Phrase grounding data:
***

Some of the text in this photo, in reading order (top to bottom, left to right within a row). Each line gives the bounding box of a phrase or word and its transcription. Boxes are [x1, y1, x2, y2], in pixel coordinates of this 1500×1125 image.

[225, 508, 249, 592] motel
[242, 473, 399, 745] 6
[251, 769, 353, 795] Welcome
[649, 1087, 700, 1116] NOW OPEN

***

The response has to match the records above word for word.

Some of the text in this photo, in reading order (top to bottom, left to right within a row). Each line gives the bounding box of a phrase or word and its transcription. Boxes are [x1, y1, x2, y2], in pixel coordinates of this 1500×1125 image.

[225, 508, 249, 592] motel
[242, 473, 399, 745] 6
[251, 769, 353, 795] Welcome
[649, 1087, 700, 1116] NOW OPEN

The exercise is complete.